The most amazing aspect of researchED is that the movement is driven entirely by teachers, thinkers and educational experts who volunteer and give freely of their time and talent.  It’s been that way right from the beginning. Reflecting on what actually transpired at the first researchED conference, Tom put it this way: ‘It was genuinely moving, people offered their time and skills for nothing, without hesitation. From the logo design, to the name, to the people making up the name badges on the day, we were propelled by an army of the willing and able. I have never witnessed such organised, coherent, yet spontaneous kindness in my life.’

reasearchED came across my radar three years ago when I discovered Tom and a few of his compatriots, including  Andrew Old, Daisy Christodoulou, and Martin Robinson on my Twitter feed.  Their independence of spirit, critical awareness, and commitment to applying the best research to teaching practice caught my attention. I was completely captivated by their courage in questioning the established orthodoxy and commitment to improving teaching life and practice.

When I got wind that researchED was coming to New York in May of 2015, I literally moved heaven and earth to get there. Flying from a Canadian Business College conference in St. John’s Newfoundland to Toronto, then on to New York, I was one of the first to arrive at the Riverside Country Day School, site of the first U.S. conference.

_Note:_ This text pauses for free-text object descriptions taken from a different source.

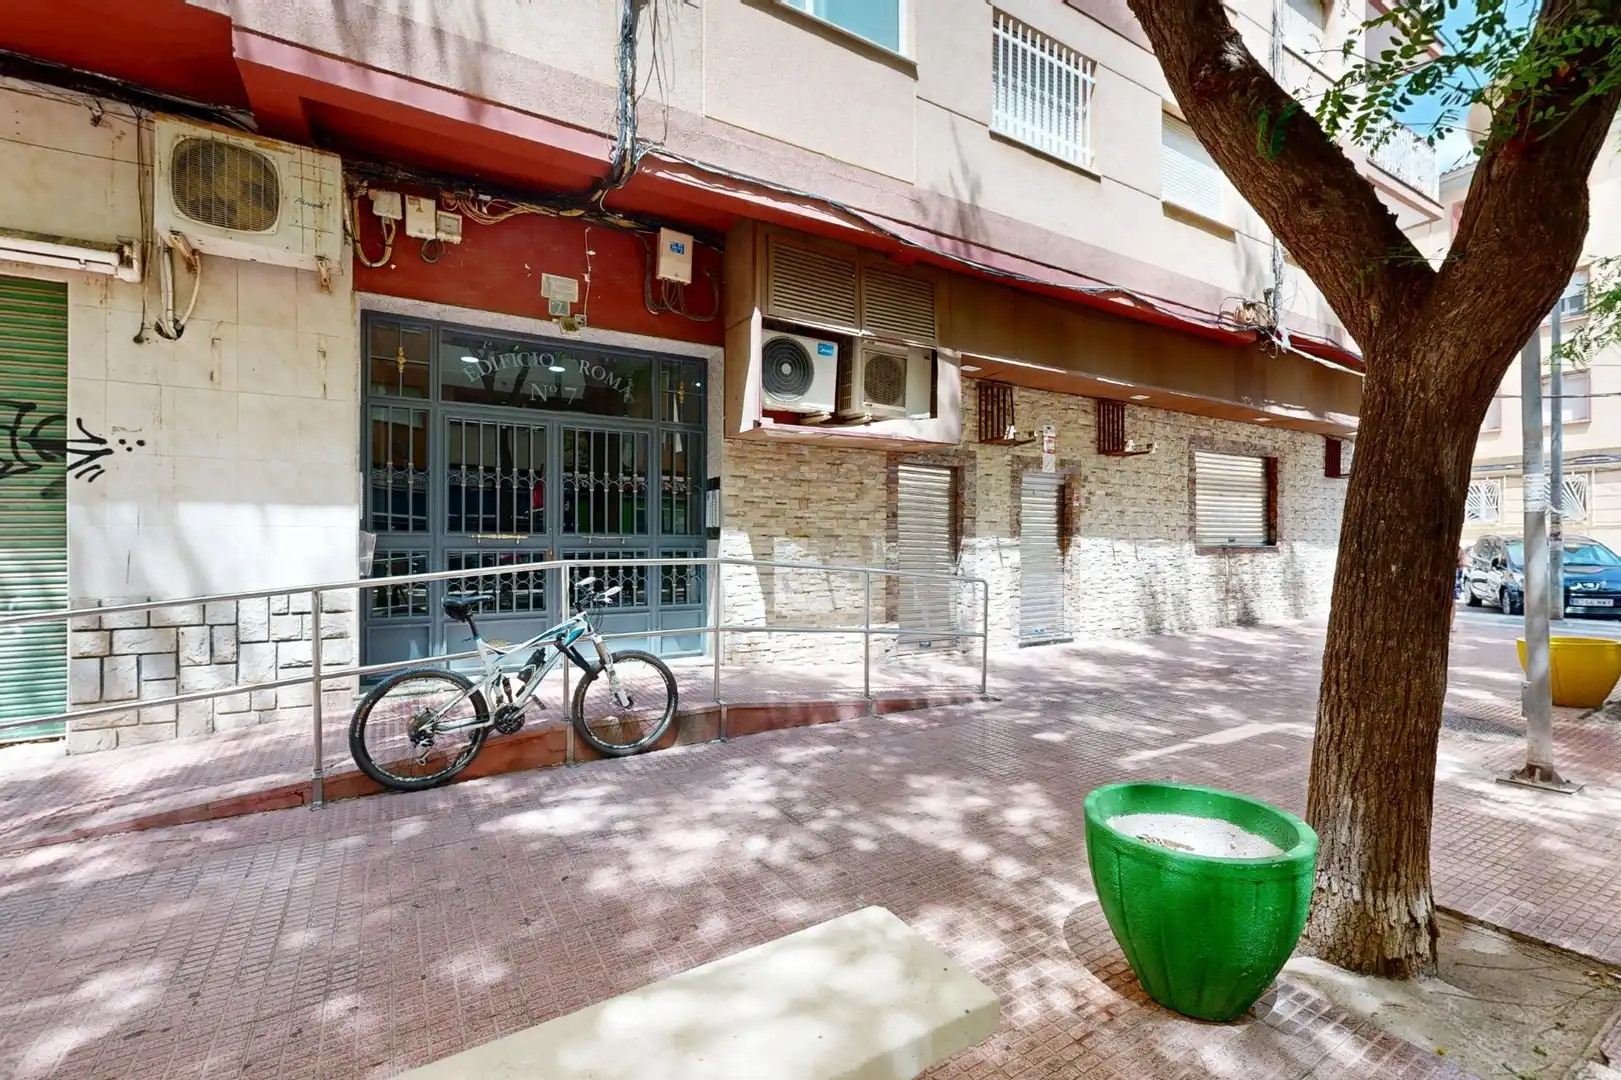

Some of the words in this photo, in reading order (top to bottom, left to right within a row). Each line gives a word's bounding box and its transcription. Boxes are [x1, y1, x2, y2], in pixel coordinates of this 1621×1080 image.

[463, 351, 555, 382] EDIFICIO
[580, 359, 634, 403] ROMA
[564, 387, 577, 405] 7
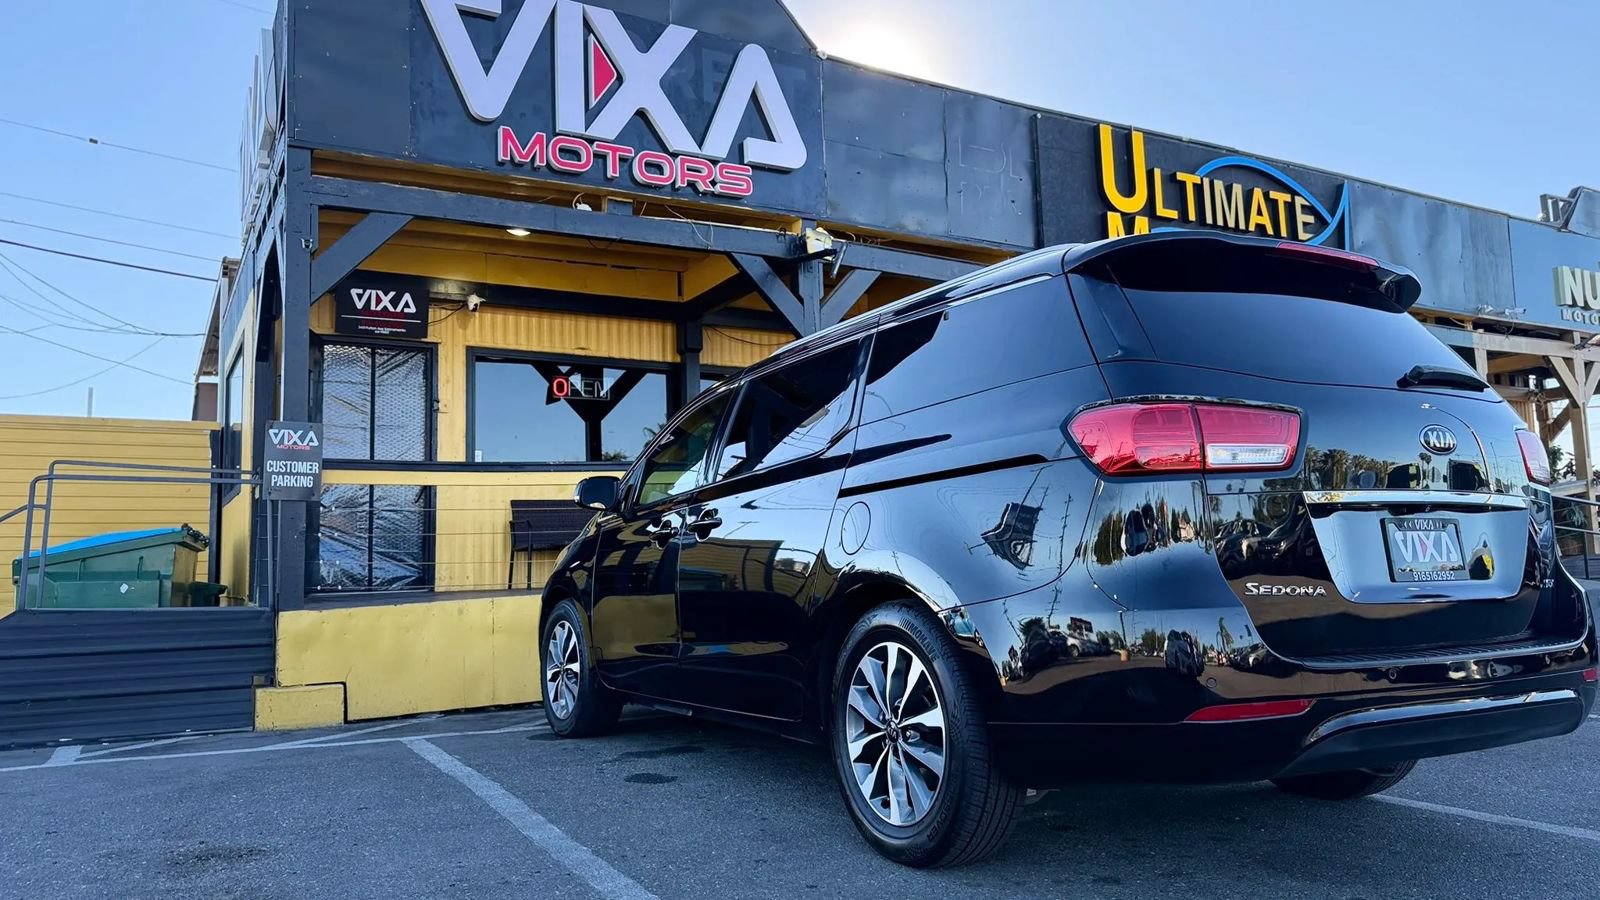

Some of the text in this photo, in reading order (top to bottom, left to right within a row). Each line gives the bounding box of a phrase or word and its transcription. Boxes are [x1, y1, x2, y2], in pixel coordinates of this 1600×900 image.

[422, 0, 807, 170] VIXA
[498, 125, 754, 198] MOTORS
[1099, 124, 1316, 241] ULTIMATE
[350, 288, 417, 313] VIXA
[268, 428, 319, 447] VIXA
[1425, 430, 1457, 449] KIA
[266, 460, 319, 474] CUSTOMER
[271, 475, 314, 488] PARKING
[1414, 519, 1435, 530] VIXA
[1394, 531, 1459, 563] VIXA
[1412, 571, 1456, 581] 9165162952
[1244, 582, 1328, 597] SEDONA

The first person I met there was New York education blogger Tom Whitby, founder of #edchat, and  then Dominic A.A. Randolph, the Head of Riverdale School featured in Paul Tough’s best-seller, How Children Succeed.  Next, I bumped into Tom Bennett in conversation with none other than the renowned University of Virginia cognitive psychologist Daniel T. Willingham, the keynote speaker.  I left researchED New York 2015 completely captivated by the excitement of competing ideas and hooked on the whole philosophy behind the venture.

Out of that initial New York conference emerged a group of Canadian educators, including JUMP Math founder John Mighton, Winnipeg mathematics professor Robert Craigen, and Okanagan College instructor Brian Penfound,  determined to bring researchED to Canada. Gradually, others joined us as word spread about the growth and expansion of researchED.  Dalhousie teen mental health expert Stan Kutcher joined me at the September 2016 researchED National Conference in London and came away a believer.  Many of us gathered again at researchED Washington in late October 2016, where we decided to produce a proposal to bring researchED to Toronto.

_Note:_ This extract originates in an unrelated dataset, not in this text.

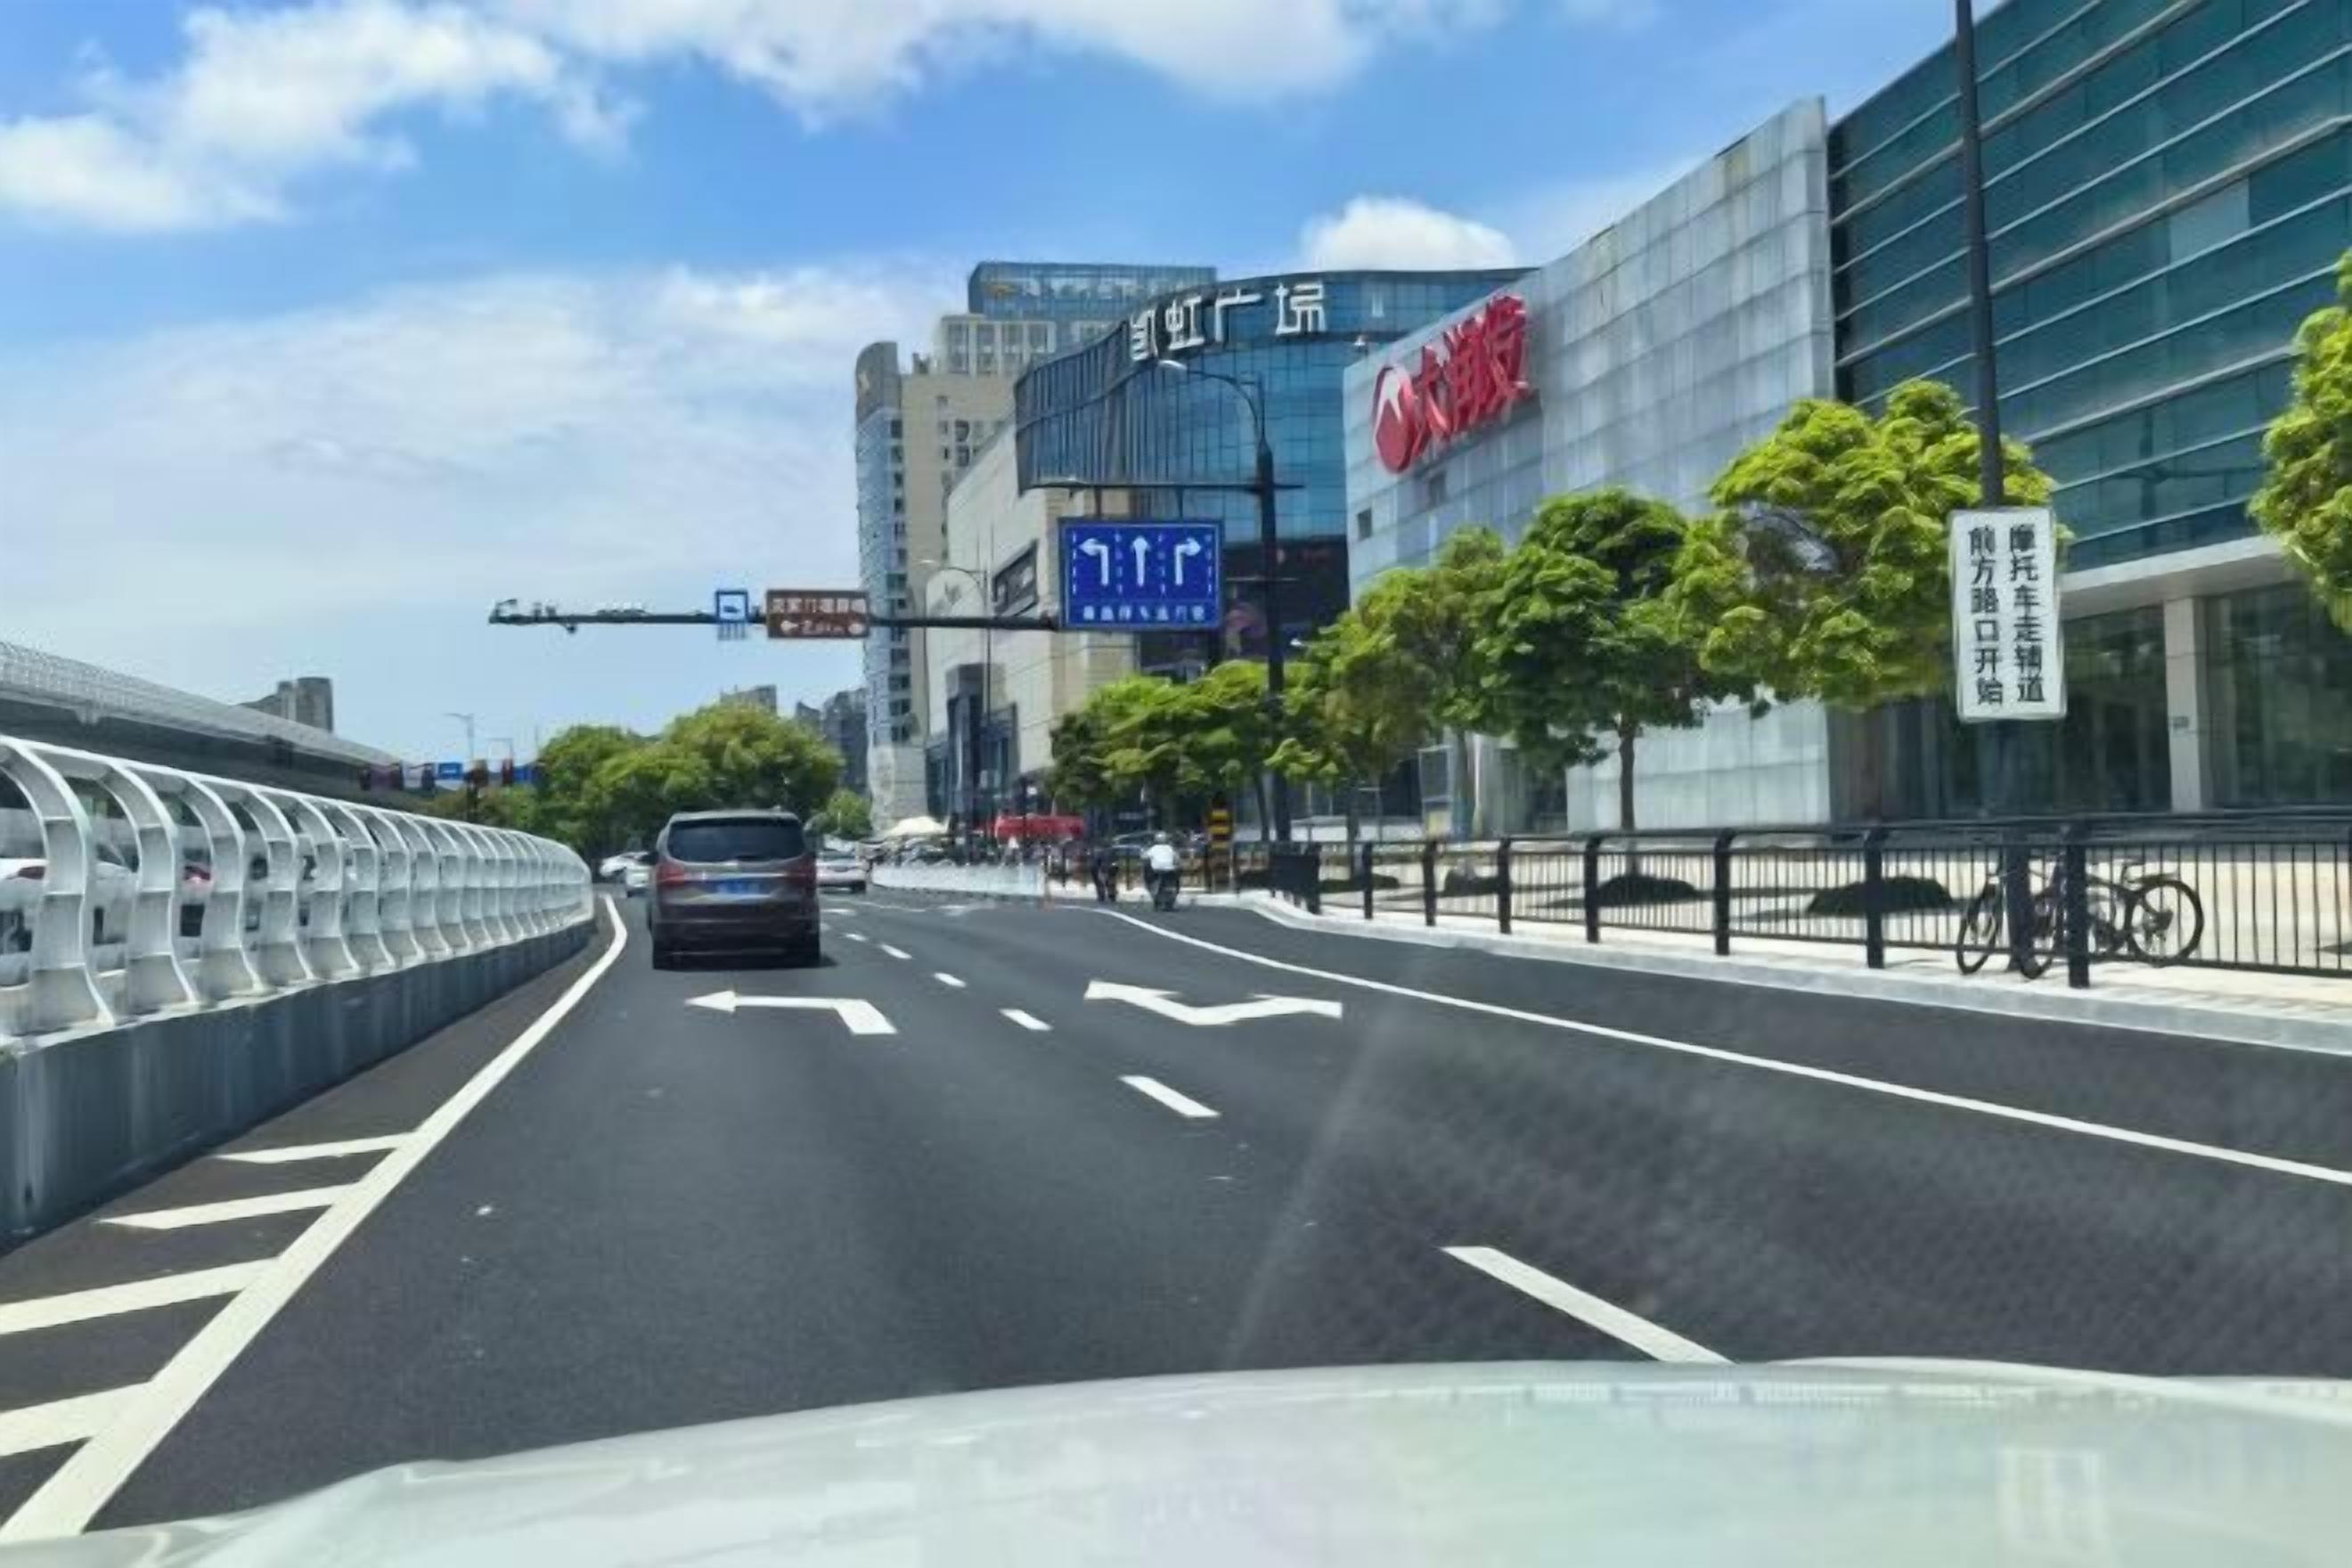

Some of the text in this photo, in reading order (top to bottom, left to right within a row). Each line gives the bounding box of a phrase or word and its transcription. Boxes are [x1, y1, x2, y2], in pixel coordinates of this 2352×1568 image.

We are all drawn to researchED because of our undying and undiminished commitment to learn what the latest research tells us about the best ways to teach, lead schools, and help children learn. Having attended researchED conferences in the U.K. and the U.S., I came away completely energized by the excitement generated by teachers and researchers passionate about dispelling enduring myths, challenging unproven theories, and putting the best research into practice in our schools.

The growth and expansion of researchED has astounded not only its pioneers but even the most hardened education reformers. Regular teachers gave rise to the movement and it is, at heart, a movement built from the classroom up.  One of the greatest challenges is in reaching teachers and conveying the message that they are free to innovate outside the confines of curriculum and pedagogical mandates. Whether it catches fire among Canadian teachers is yet to be seen. If they get a taste of researchED, it will change their teaching lives and there will be no turning back.

The first Canadian researchED Conference is scheduled for November 10-11, 2017, in Toronto and you can register today at the link to researchED Toronto

Part One of three in a Series on the researchED Movement.

What really sparked the British teacher insurgency known as researchED?  How critical was fiercely independent teacher leadership in getting the U.K. teacher research movement off the ground? Are British schools more open to, or conducive to, free and open discussion about established practices floating more on theory than on serious research? What stands in the way of Canadian teachers learning about — and embracing—researchED?